Morphine and end of life - page 2

by MelissaLPN

69,767 Visits | 60 Comments

Hey guys, I have a question, or a scenario rather that I have recently come across. Recently at work I had a hospice patient who was unresponsive with resp. between 7-8 bpm with long periods of apnea. Resident was thought to be... Read More


  1. 58
    A common misconception is that giving morphine during the actively dying stage will hasten death.

    Morphine is not given to only reduce pain, interestingly enough. Morphine reduces the amount of catecholamines that circulate, the anxiety fight or flight hormones that the body produces in times of severe stress such as in the dying process. Morphine also relaxes cardiac tissue which lowers the cardiac cell's demand for oxygen, remember the term MONA for MIs? The overall decrease in the patient's stress may account for the increased duration of the actively dying process in patients receiving proper analgesia.

    During the active dying process you cannot accurately assess pain in a patient through visual, sometimes even physical assessments. As the brain starts shutting down typical responses to pain such as grimacing or anxious movement may no longer be present.

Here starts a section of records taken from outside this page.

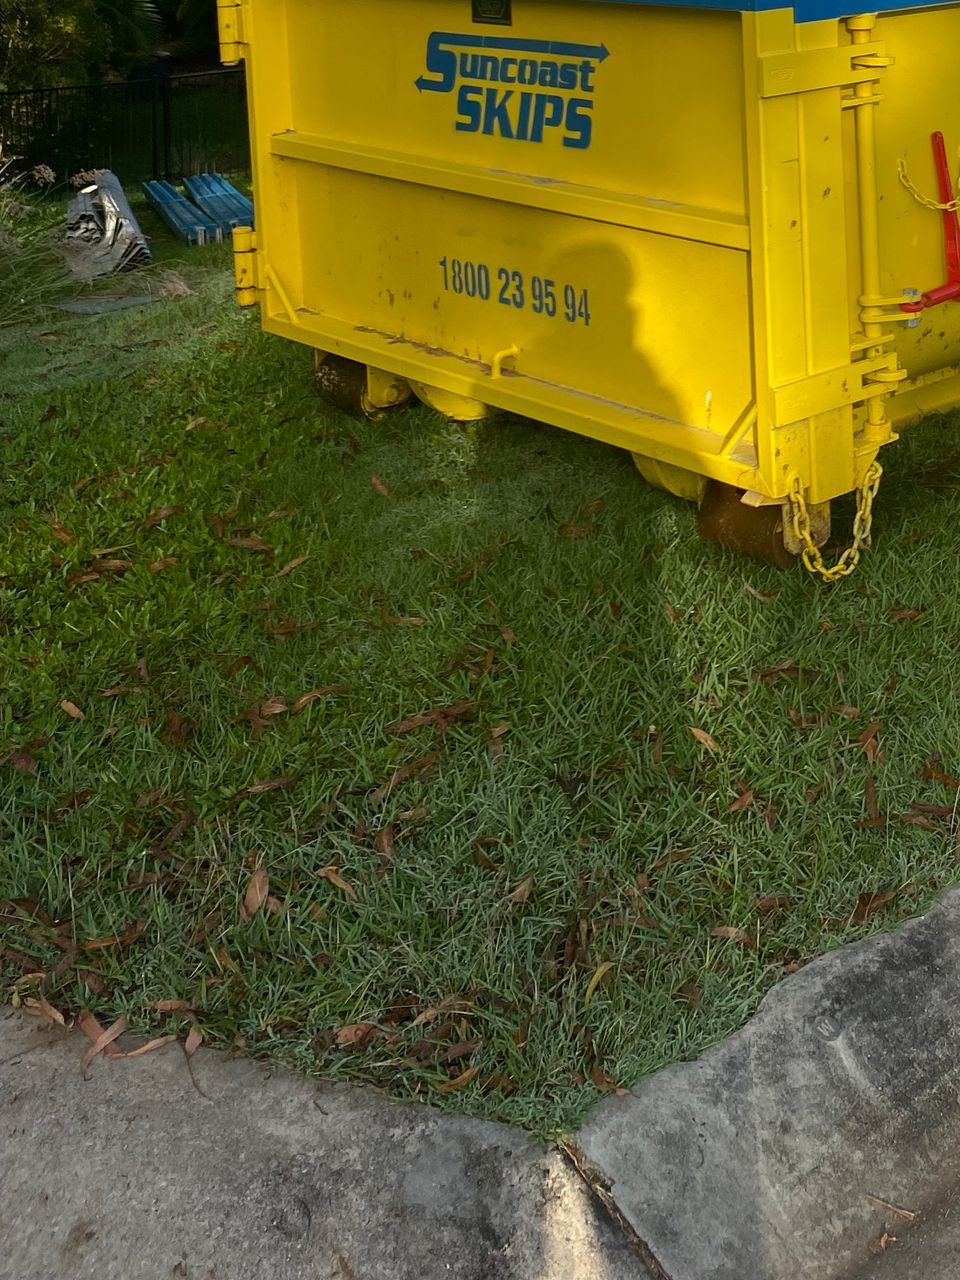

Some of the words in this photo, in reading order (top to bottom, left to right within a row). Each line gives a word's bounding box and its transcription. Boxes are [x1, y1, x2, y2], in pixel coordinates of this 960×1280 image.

[416, 31, 605, 93] Suncoast
[455, 84, 594, 150] SKIPS
[439, 256, 490, 300] 1800
[497, 267, 525, 309] 23
[531, 276, 557, 317] 95
[564, 284, 591, 326] 94

I see this a lot in my current practice, we have a large population of persistive vegetative patients who elicit non typical symptoms to pain. A cardinal sign of pain in the actively dying person is labored OR irregular breathing patterns.

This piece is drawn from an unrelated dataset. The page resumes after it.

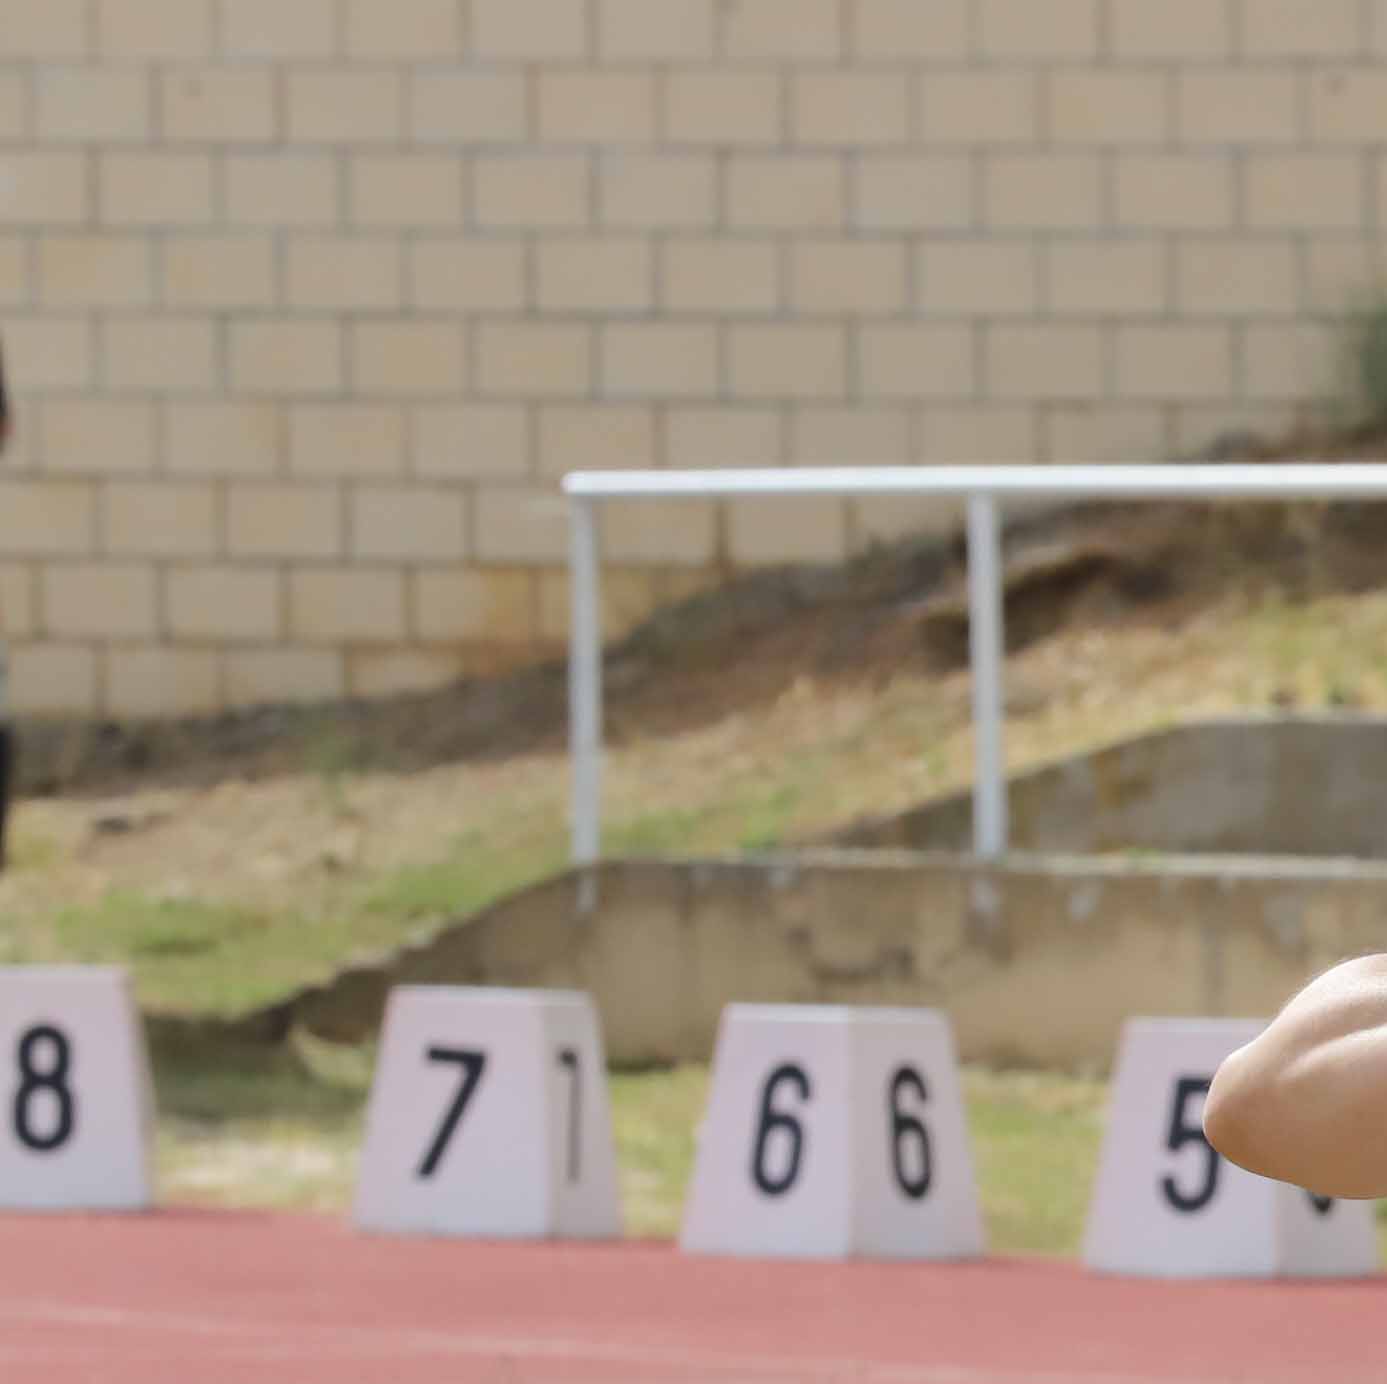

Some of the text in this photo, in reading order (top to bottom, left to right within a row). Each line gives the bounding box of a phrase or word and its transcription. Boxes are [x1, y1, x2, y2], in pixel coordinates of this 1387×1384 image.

    After a patient has been receiving morphine for several days the risks of respiration depression significantly lessen, especially in the dying patient. The stress of the dying process will actually activate the respiration drive, countering any respiration depression by the morphine. Morphine has no ceiling dosage of maximum effect, in theory the more you give the more pain is controlled, unlike other analgesics which work only so much. This is one of the reasons why morphine is considered the gold standard. I have seen patients literally on hundreds of mg of morphine per hour and still keep-on-a-ticking.

    Your goal is to assist the patient to die in a dignified manner, peacefully and without pain. I am sorry that the hospice nurse misinformed you that the idea was to terminate life, obviously there was a lack of education and training. Sometimes we must do things that place the patient at significant risk of life in order to fulfill their health related goals. The nurse's intention is what primarily drives the ethical dilemma. If a patient with an illness wishes to undergo a radical surgical procedure with a 98% chance of death on the operating table there would be no ethical wrongdoing in helping the patient, it would be considered helping the patient keep hope alive. In fact this is what we are doing for the terminally ill, helping the patient die in a dignified manner is keeping their hope alive.

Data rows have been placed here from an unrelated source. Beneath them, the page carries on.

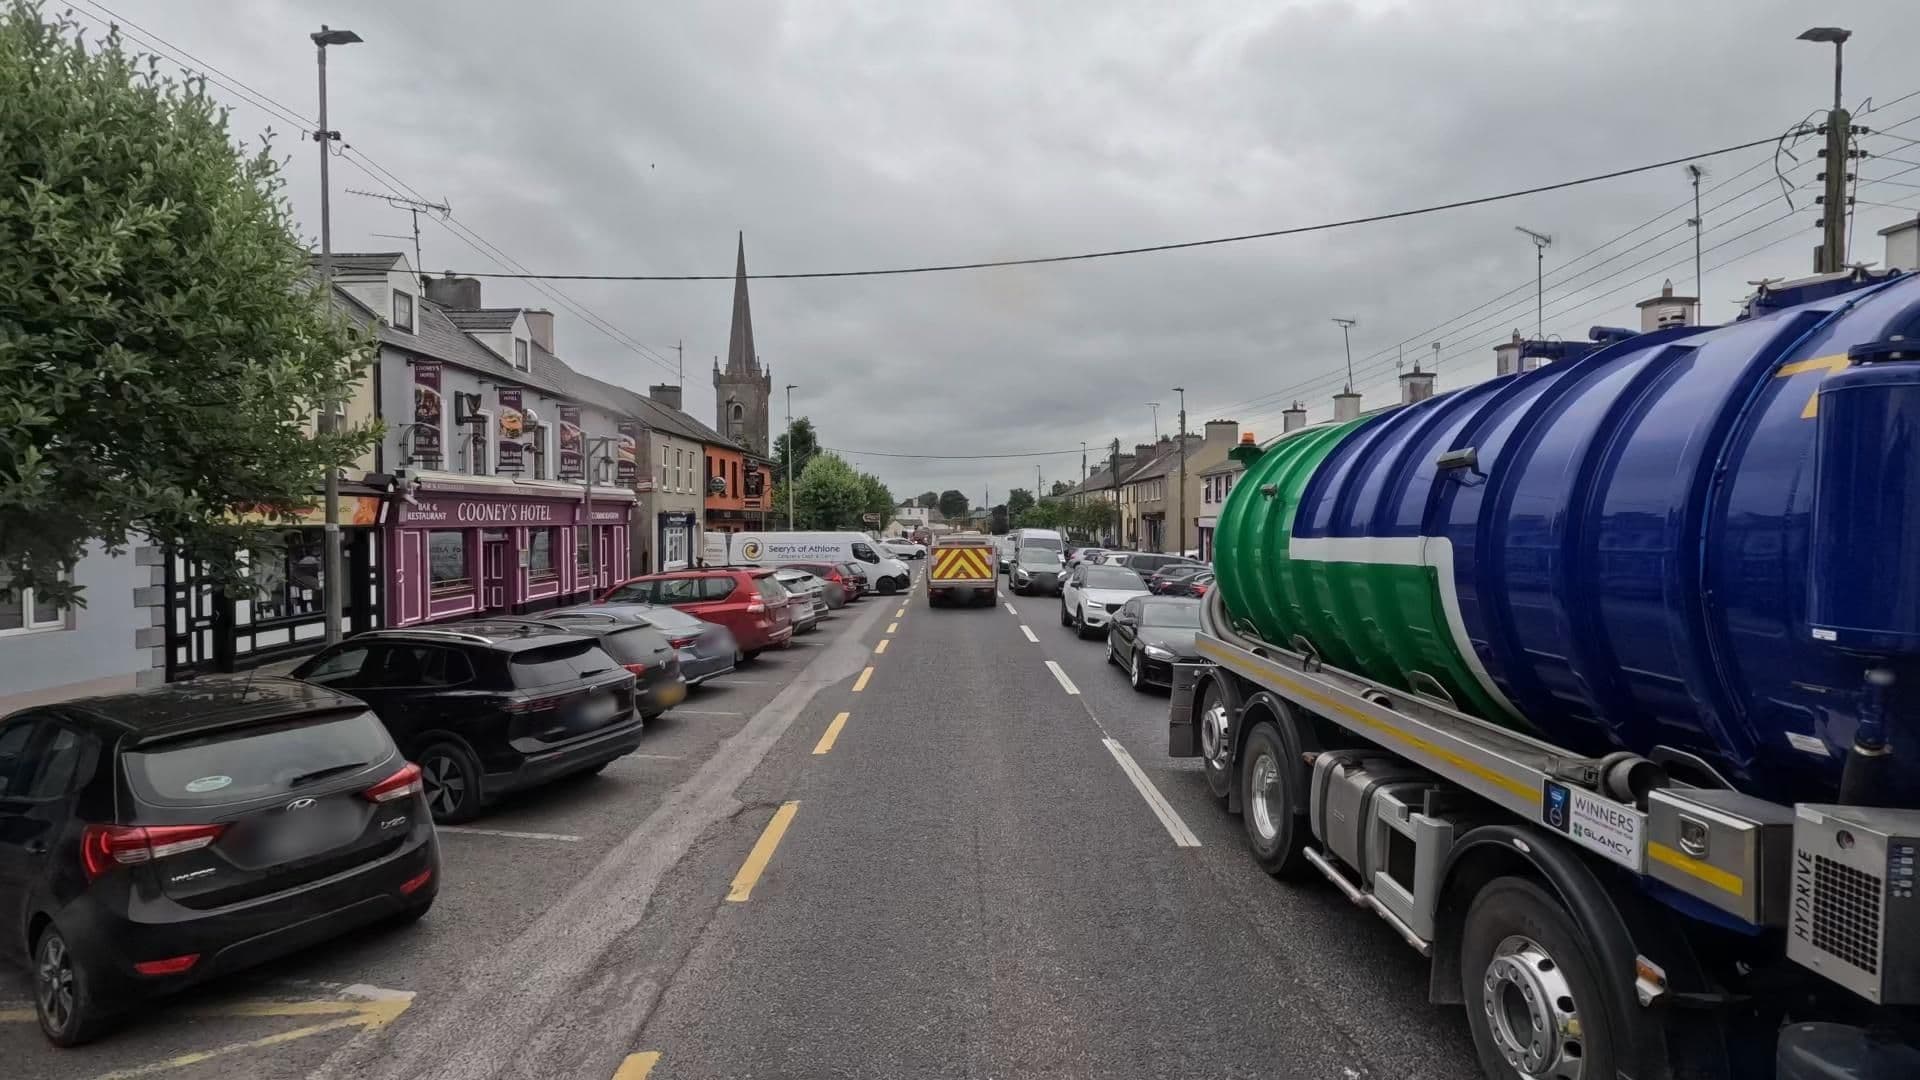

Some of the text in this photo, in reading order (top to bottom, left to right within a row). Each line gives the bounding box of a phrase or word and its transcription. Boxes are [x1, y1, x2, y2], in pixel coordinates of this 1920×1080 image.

[407, 511, 447, 520] RESTAURANT
[457, 502, 552, 522] COONEY'S HOTEL
[768, 544, 841, 554] Seery's of Athlone
[1575, 794, 1634, 833] WINNERS
[1583, 827, 1632, 857] GLANCY
[1794, 848, 1812, 942] HYDRIVE

    Always ask yourself, is this what the patient wanted? Your ethics, morals, religion, and values should have no bearing whatsoever on the patient, you are their advocate, not your own. This is the burden we bear as nurses we when were privileged with a license to serve our patients.


    Things to consider on the ethics of the situation - ANA Code of Ethics

    Provision 2
    2.1 Primacy of the Patient's Interests
    The nurse's primary commitment is to the recipient of health care services...When the patient's wishes are in conflict with others, the nurse seeks to help resolve the conflict. Where conflict persists, the nurse's commitment remains to the identified patient.

    Provision 1
    1.3 The nurse should provide provide interventions to relieve pain and other symptoms in the dying patient even when those interventions entail substantial risks of hastening death.



    P.S. There is much research out there on the actively dying process, analgesic use during the end of life process etc. This seems like an excellent time to research the topic. The Hospice and Palliative Care Nursing Association (HPNA) and the American Nurses Association (ANA) have excellent resources on the subject.
    casi, 3aremyjoy, blessedmomma247, and 55 others like this.
  2. 2
    Wonderful post asystole, and lots of info I had no idea of. As I like to say, you learn something new every day.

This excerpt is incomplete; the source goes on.